**Data records:**
= = = = =
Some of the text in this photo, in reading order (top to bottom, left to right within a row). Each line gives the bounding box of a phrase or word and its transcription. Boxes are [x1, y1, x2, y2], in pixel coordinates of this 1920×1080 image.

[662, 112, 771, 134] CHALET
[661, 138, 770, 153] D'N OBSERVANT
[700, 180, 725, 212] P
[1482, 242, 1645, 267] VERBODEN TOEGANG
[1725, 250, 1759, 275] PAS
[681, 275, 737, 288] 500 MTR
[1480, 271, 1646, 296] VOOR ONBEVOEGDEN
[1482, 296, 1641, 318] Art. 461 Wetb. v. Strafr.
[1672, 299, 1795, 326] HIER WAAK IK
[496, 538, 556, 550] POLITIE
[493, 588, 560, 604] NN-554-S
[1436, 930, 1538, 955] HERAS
= = = = =
The answer must be every entry, reproduced exactly.

**ANSWER FOR THIS EXERCISE:**
Some of the text in this photo, in reading order (top to bottom, left to right within a row). Each line gives the bounding box of a phrase or word and its transcription. Boxes are [x1, y1, x2, y2], in pixel coordinates of this 1920×1080 image.

[662, 112, 771, 134] CHALET
[661, 138, 770, 153] D'N OBSERVANT
[700, 180, 725, 212] P
[1482, 242, 1645, 267] VERBODEN TOEGANG
[1725, 250, 1759, 275] PAS
[681, 275, 737, 288] 500 MTR
[1480, 271, 1646, 296] VOOR ONBEVOEGDEN
[1482, 296, 1641, 318] Art. 461 Wetb. v. Strafr.
[1672, 299, 1795, 326] HIER WAAK IK
[496, 538, 556, 550] POLITIE
[493, 588, 560, 604] NN-554-S
[1436, 930, 1538, 955] HERAS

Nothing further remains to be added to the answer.